The closest thing to absolute zero exists

Astronomers once suspected that absolute zero existed on Pluto because it was so far from the sun, which was once thought to be the coldest place in the solar system.

It turns out that Pluto's temperature is still some way from absolute zero.

Although Pluto is far from the sun, it is still in the energy system of the solar system, then it will receive the heat of the sun anyway.

As long as it receives heat, then the particles inside Pluto will move, but this movement is not as violent as the eight planets.

Pluto is suspected to have absolute zero

As human-launched probes successfully reached Pluto and began to explore it, the surface temperature of Pluto was measured to be 229°C below zero, a temperature much higher than absolute zero.
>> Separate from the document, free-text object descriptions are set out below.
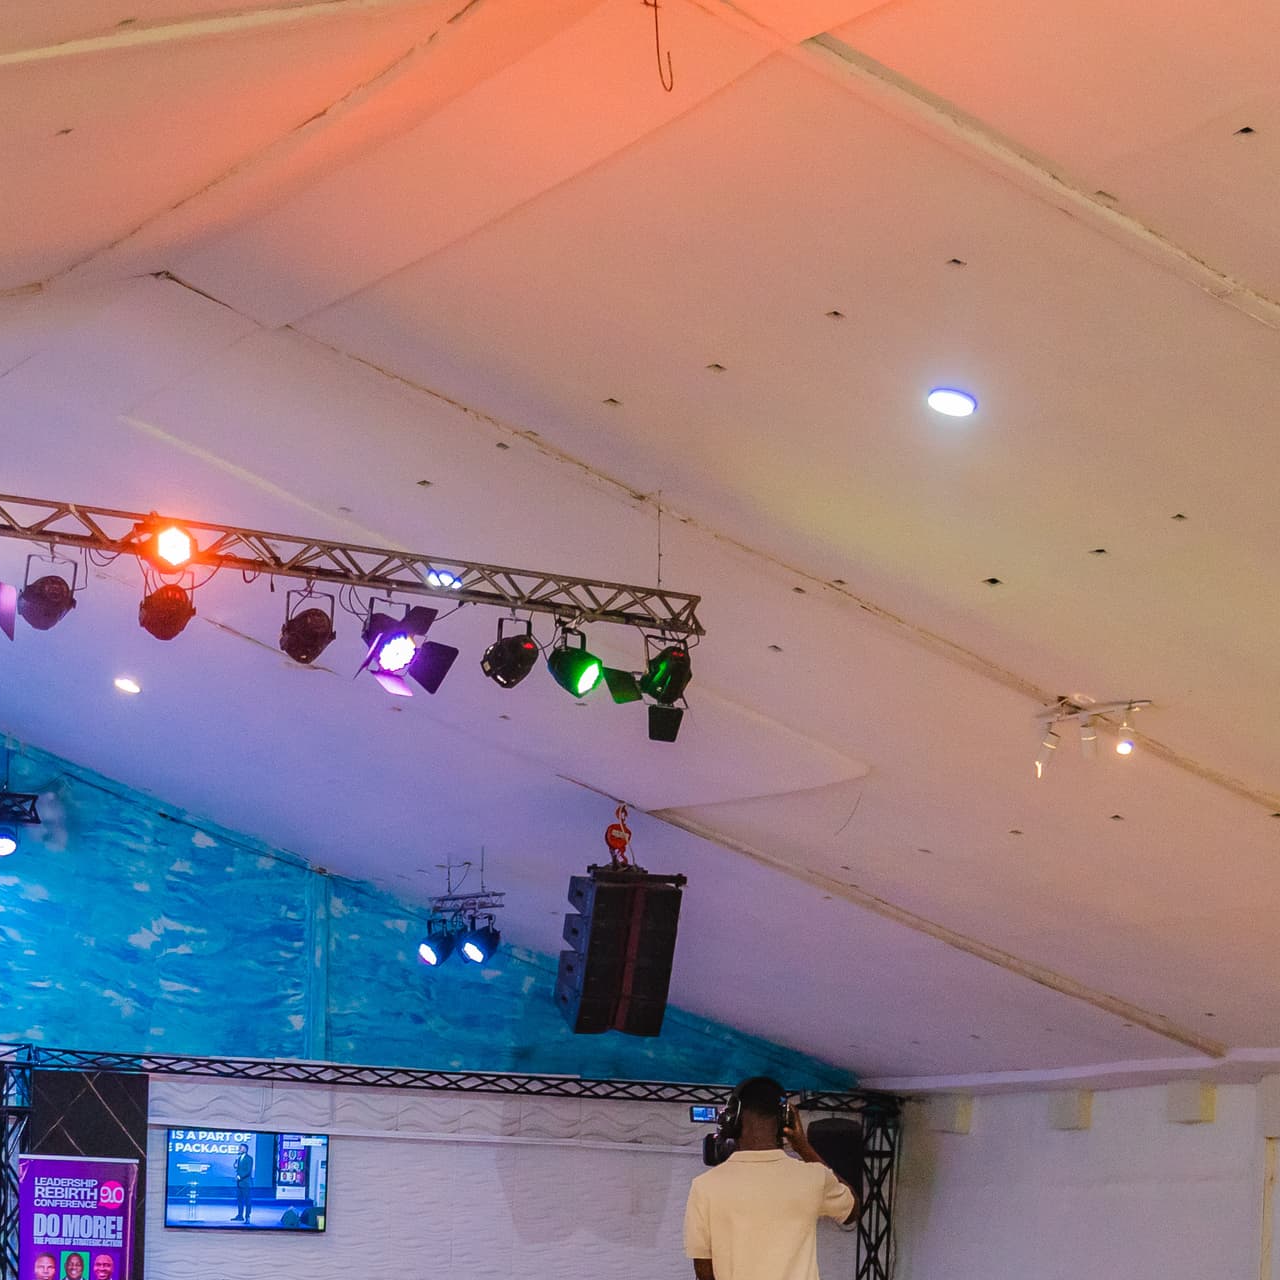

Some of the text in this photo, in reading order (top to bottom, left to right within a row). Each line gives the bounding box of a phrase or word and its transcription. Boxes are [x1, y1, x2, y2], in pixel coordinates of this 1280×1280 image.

[172, 1131, 252, 1142] IS A PART OF
[34, 1177, 98, 1187] LEADERSHIP
[34, 1186, 125, 1204] REBIRTH 9.0
[34, 1199, 98, 1209] CONFERENCE
[33, 1213, 124, 1239] DO MORE!
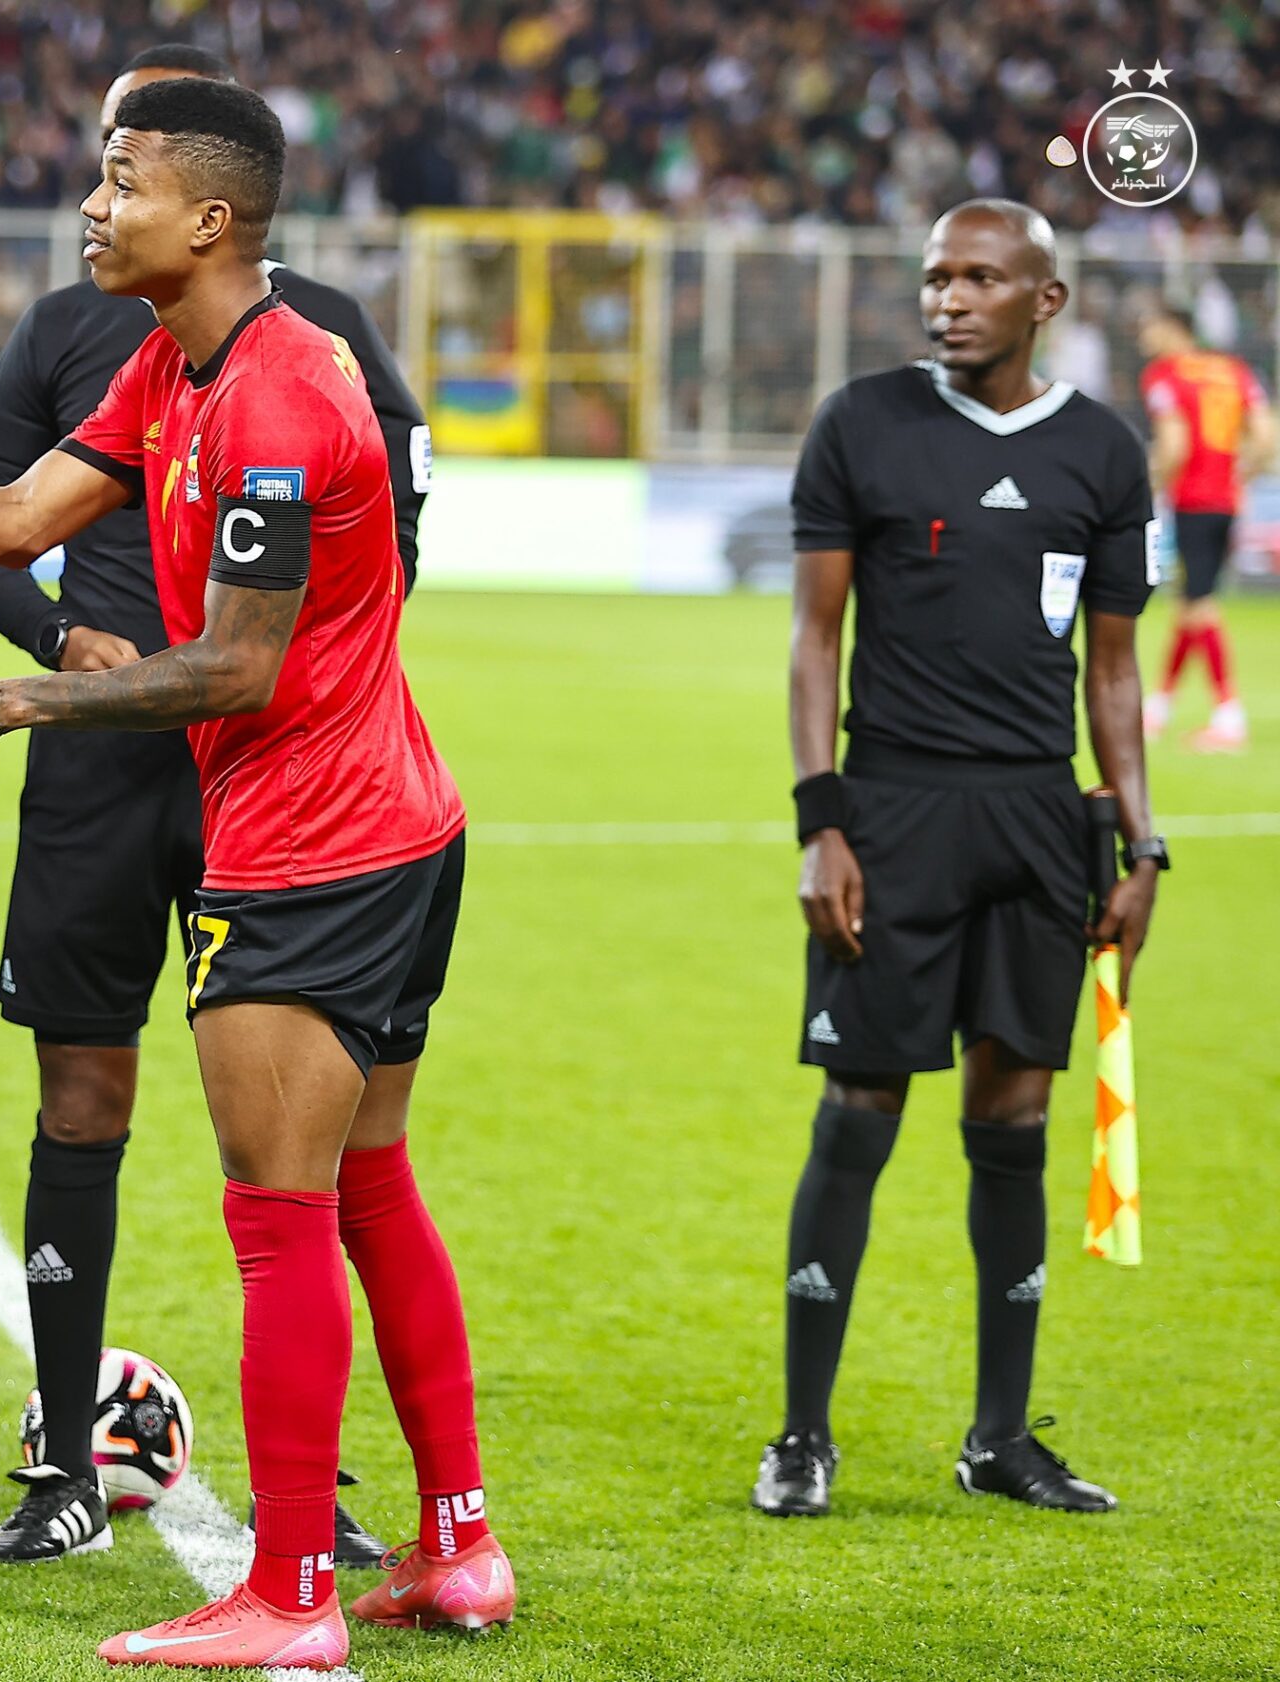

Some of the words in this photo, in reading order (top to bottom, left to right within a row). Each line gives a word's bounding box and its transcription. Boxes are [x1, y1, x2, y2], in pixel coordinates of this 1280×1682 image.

[256, 479, 293, 489] FOOTBALL
[256, 489, 293, 501] UNITES
[221, 507, 266, 564] C
It was only later that astronomers discovered that the existence of true proximity to absolute zero did not care about its distance from the Sun, but rather whether it was essentially in particle motion.
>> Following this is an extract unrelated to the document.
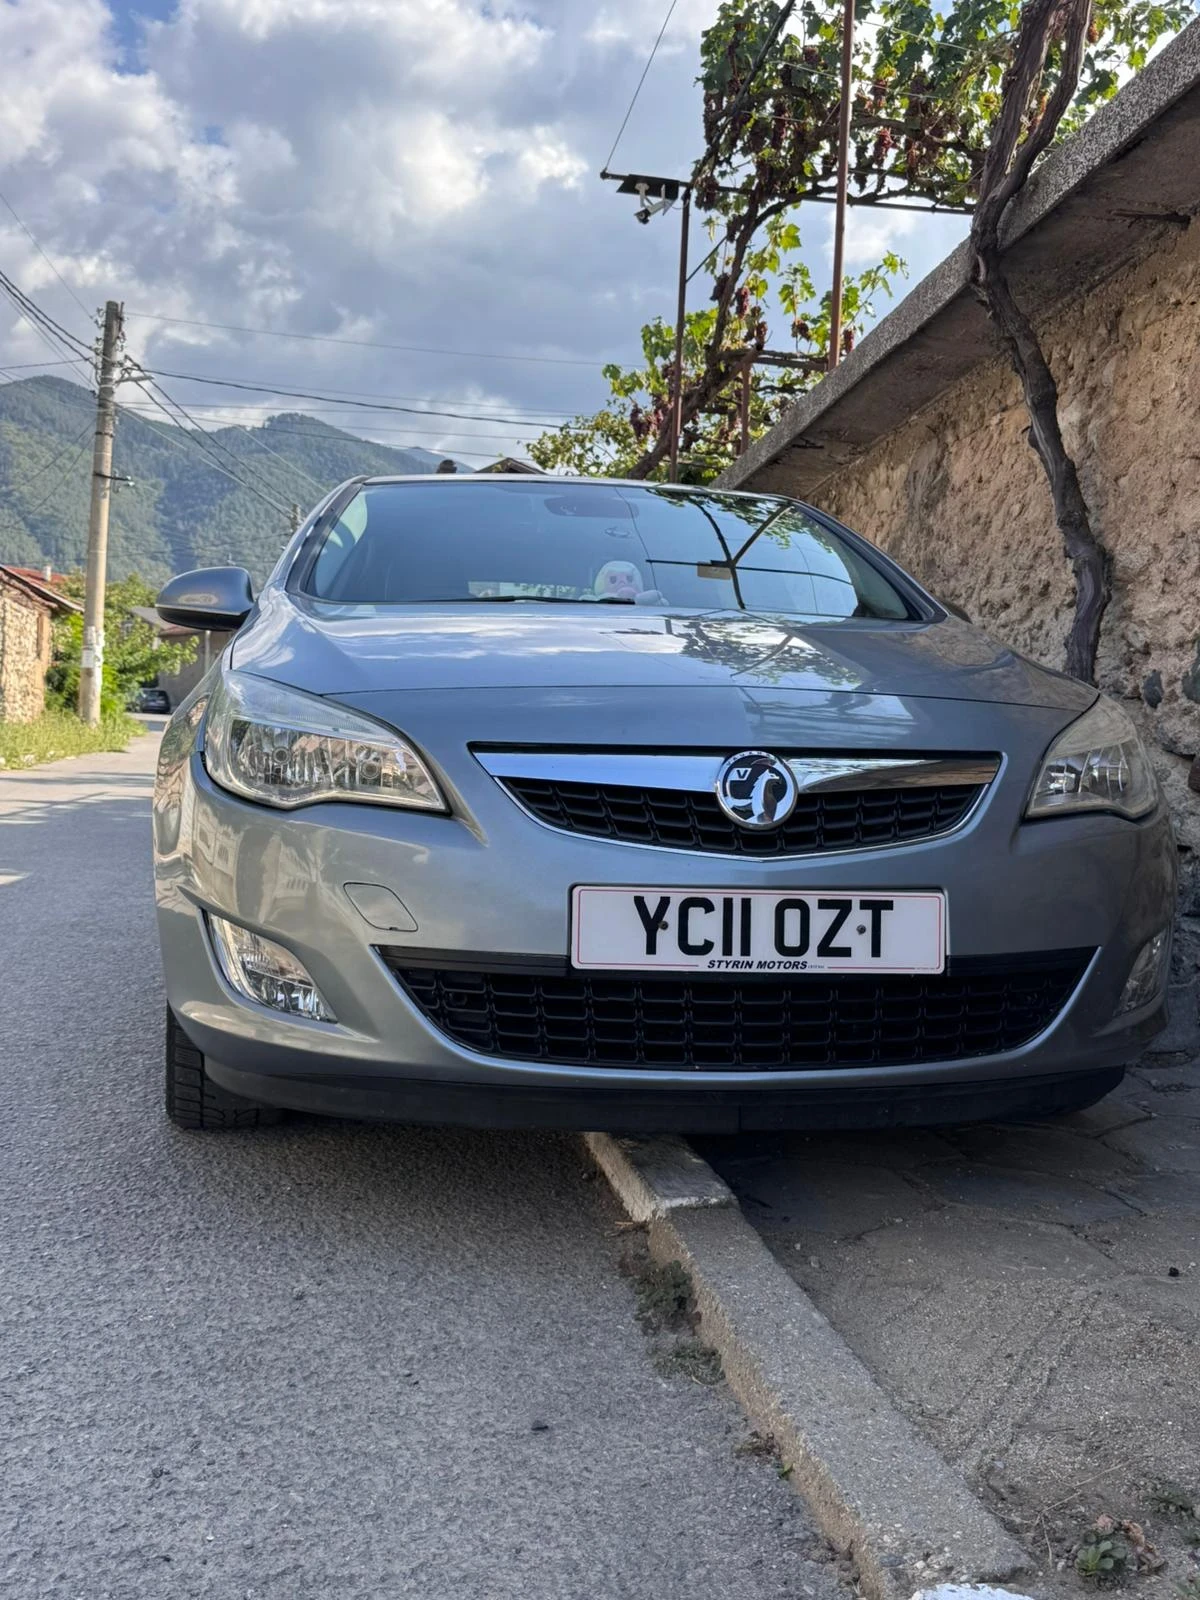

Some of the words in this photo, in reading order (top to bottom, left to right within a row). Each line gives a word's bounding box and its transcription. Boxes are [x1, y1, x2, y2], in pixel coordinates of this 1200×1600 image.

It was at this time that astronomers discovered that the vacuum of space in the universe, other than the terrestrial body, has a temperature of 270°C below zero, which is the closest thing to absolute zero that exists.

We believe that the empty cosmic matter still exists invisible to humans, as long as there is matter, then it will have internal energy, no matter how low the temperature is, it can not be lower than absolute zero.

So, if in the universe, there exists a certain space that is empty of matter, even dust, then will it be absolute zero?

The answer might also be no because there is dark matter.

Dark matter and the temperature of space

Dark matter is considered invisible to humans, but it is real in the universe, and it is different from all the matter that makes up celestial bodies.

Dark matter is the main part that makes up the universe, occupying 85 to 90 percent of the universe.

Astronomers believe that dark matter is involved in the interactions in the universe and therefore has mass.

It is a particle, but unlike all the particles we know, which suggests that there are unknown particles in the universe that we think of as a vacuum.

Perhaps that 3°C above absolute zero may not be a solo of dust, but more like a whisper of dark matter.

If the existence of dark matter can be confirmed in the future, then absolute zero might be just a theory, and it does not exist in the universe.

Humans have tried to create absolute zero, and in 1957 created an ultra-low temperature of 0.00002K, which is the closest to absolute zero that exists.

Absolute zero is a temperature value that can only be reached infinitely but cannot be reached.

We on Earth seem so simple to heat transfer, temperature in the universe is so complex and even full of various mysteries.

If you think about it, humans are also part of the universe, although small as dust, we are also composed of various particles, and our body temperature remains at about 36 ℃, which is also the result of thermal movement.

Look at it this way, we humans are also very mysterious.

The universe is like this, from the Big Bang's 10 billion degrees Celsius to approaching absolute zero, the temperature span is very huge, and it also makes it full of various dangers.

The universe is more complex than we think

Humans walking in space is the real dance between ice and fire, with the scorching heat of the sun on one side and the cold space on the other.